The true lover of a country does not leave it in its time of peril. The patriot is not one who thinks a country must be perfect in order to deserve his allegiance. Patriots are often critics of their country, since they feel so deeply that it is worth protections.
It is for similar reasons that I remain in the Catholic church.
If one truly believes that the church is all of the people, then to leave is rather like cutting off one's nose to spite one's face. To leave would be to abandon those who have nurtured and cherished me. To leave would be abandoning them to the powerful and misguided few who are themselves in need of my willingness to challenge.

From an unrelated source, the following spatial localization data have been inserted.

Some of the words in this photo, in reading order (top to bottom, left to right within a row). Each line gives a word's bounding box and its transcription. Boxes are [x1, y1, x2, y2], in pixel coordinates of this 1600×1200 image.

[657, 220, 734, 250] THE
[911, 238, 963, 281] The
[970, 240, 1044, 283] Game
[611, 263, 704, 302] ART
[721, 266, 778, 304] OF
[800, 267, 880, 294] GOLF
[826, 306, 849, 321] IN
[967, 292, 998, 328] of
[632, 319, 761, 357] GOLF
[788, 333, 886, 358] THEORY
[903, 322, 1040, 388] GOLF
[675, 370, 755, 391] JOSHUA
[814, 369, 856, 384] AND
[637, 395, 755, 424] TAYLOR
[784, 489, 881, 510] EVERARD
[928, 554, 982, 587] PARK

A Protestant friend recently confided that she was thinking about leaving her church. She was raised as an Episcopalian, but decided that the Episcopal church was too liberal, so she joined an Evangelical congregation. Now she says she misses the more liturgical aspects of worship, so she is thinking about becoming a Catholic. But she thinks the preaching in the Catholic church is of a poor quality (it often is) and she said that she would not long tolerate a parish if it had bad preaching.
What I realized as I was listening to her is that she is giving no thought to the idea of a church being the people. For her, it seems to be about the smells and bells, or the preaching, but not about the embodiment of Christ in the people. As I listened to her, I realized that she sounded more like a fickle lover than a faithful spouse or a loving family member.
Returning to Wills's argument, marriages and family relationships sometimes hit rocky ground, but when we are committed in love, we don't abandon the beloved.
We stay, we fight, we challenge, we live with compromises and we try to work things out.